The two patients in the study who were second-degree cousins (patients 23 and 28) shared a pathogenic mutation in COL4A4 [c.2638del; p.(Ala880fs)], but each had a different second pathogenic mutation in COL4A4 [c.1099+1G>A and c.2884G>T p.(Glu962*), respectively]. The second mutations were not found in any other individuals in this study, and had not been described before. In addition, the families of two unrelated male participants (patients 22 and 38) each comprised three affected brothers, all with autosomal recessive Alport syndrome. Both parents of another patient (patient 17) were each carriers of one of the pathogenic mutations; however, the 74-year-old father had hematuria and anterior lenticonus but normal renal function, possibly due to somatic mosaicism involving the COL4A3 c.3760G>C (p.(Gly1254Arg)) mutation. (To note, somatic mosaicism is the coexistence of genetically distinct cell populations in a single individual, usually as a result of postzygotic genetic events that can occur at any time in the life cycle. A person who is mosaic for a somatic mutation may or may not be affected by the disorder caused by that mutation. Individuals will express the phenotype depending on how many and which cells are affected. Typically, individuals with somatic mosaicism exhibit a milder phenotype because only a proportion of cells contain the mutation and/or because the mutation is confined to a finite segment of the body.)
Discussion
Improved mutation detection techniques for autosomal recessive Alport syndrome have increased the sensitivity of genetic testing. This study demonstrated the pathogenic variants in 40 apparently unrelated individuals with autosomal recessive Alport syndrome. This series represents the largest single cohort of patients with autosomal recessive Alport syndrome in which both pathogenic mutations were identified. It also correlates the genotype with clinical features. Previously, data were published on only 40 patients in whom two pathogenic mutations have been identified.
Clinical data were obtained from the referral forms accompanying samples for testing and were sometimes incomplete. Nevertheless, this study clearly demonstrates the onset of end stage renal failure in autosomal recessive Alport syndrome in both children and in adults even into middle age. Interestingly, renal function remained normal in some adults as well as children. This represents the first description of mild renal disease in autosomal recessive Alport syndrome. Where renal failure occurred, it was more common with a nonsense mutation or a mutation that resulted in a downstream stop codon. Renal failure, hearing loss, and ocular abnormalities were common in both male and female participants. The age at onset of renal failure across the cohort varied more than seen in X-linked Alport syndrome. Most patients had a lamellated GBM on renal biopsy, but one child had thinning only and another had a normal GBM. These changes resemble those seen in X-linked disease, in which minor, sometimes nonspecific, histologic abnormalities are common in early disease.
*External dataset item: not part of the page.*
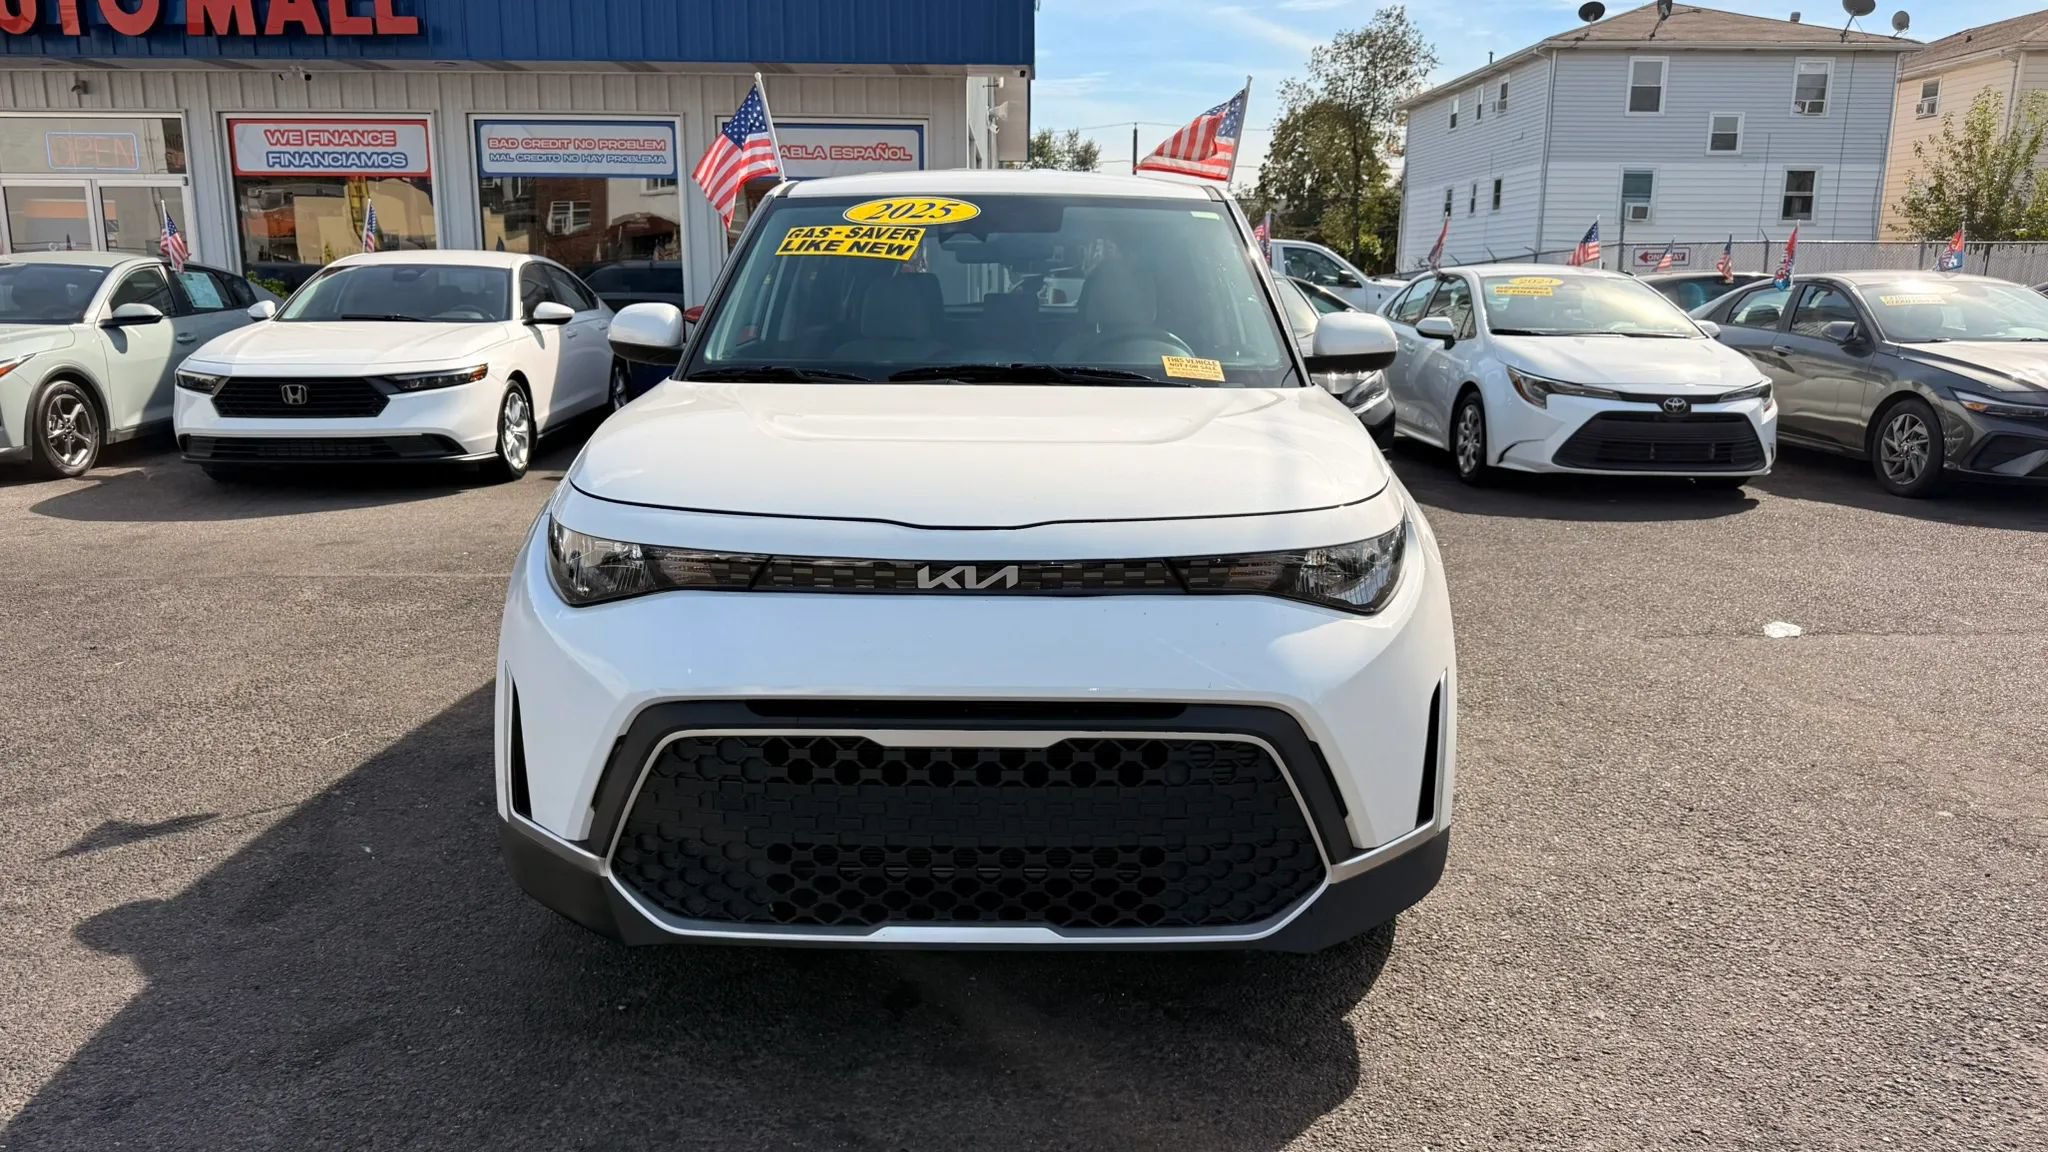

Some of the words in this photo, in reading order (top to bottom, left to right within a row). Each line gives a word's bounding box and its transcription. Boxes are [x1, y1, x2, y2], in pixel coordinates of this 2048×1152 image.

It was not possible to determine the general mutation detection rate or the numbers of patients referred for specific types of disease, because referral information was often nonspecific; it was unclear how many patients were referred with suspected autosomal recessive Alport syndrome rather than TBMN, autosomal dominant Alport syndrome, or another inherited renal disease. In addition, some patients who may have had autosomal recessive Alport syndrome would not have been included in this analysis because only one pathogenic mutation was detected.
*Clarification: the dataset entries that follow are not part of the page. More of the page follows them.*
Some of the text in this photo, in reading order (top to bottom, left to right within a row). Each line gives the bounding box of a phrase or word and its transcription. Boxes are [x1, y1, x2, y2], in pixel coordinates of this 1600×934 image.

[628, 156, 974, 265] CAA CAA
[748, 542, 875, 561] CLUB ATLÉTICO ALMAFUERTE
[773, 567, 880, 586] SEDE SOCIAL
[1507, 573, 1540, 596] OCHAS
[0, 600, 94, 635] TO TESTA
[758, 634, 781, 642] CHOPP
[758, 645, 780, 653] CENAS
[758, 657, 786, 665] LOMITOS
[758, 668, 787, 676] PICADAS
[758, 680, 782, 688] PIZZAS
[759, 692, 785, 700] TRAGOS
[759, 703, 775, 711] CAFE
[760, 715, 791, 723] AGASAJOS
In this study, direct DNA sequencing was used to detect pathogenic mutations, but this technique still overlooks exonic deletions/duplications as well as deep intronic variants. Large deletions and duplications account for approximately 12% of cases of X-linked Alport syndrome, and deep intronic variants in COL4A5 have also been demonstrated.20 Although the mutation spectrums of the genes do differ, it seems possible that large deletions/duplications and intronic variants in COL4A3 and COL4A4 could account for a number of mutations currently not being detected. However, some patients in which only one mutation was detected may suffer from TBMN, the prognosis of which can be worse than originally thought,21 rather than Alport syndrome, in which case only one pathogenic mutation would be expected to be detected. The distinction between Alport syndrome and TBMN may be difficult to determine but is critical.22
Immunohistochemical analysis of basement membrane type IV collagen expression, with a skin or renal biopsy, has also been reported as a useful diagnostic tool; however, there is a significant false negative rate,23,24 and renal biopsies are an invasive procedure. In approximately 80% of male individuals with X-linked Alport syndrome, GBM staining for α3(IV), α4(IV), and α5(IV) is completely negative.25 Although a skin biopsy can be a cost-effective and simple diagnostic test, discordance of expression between the epidermal basement membrane and GBM has been reported.26 Therefore, immunohistochemistry is not always reliable and is not widely offered in the United Kingdom.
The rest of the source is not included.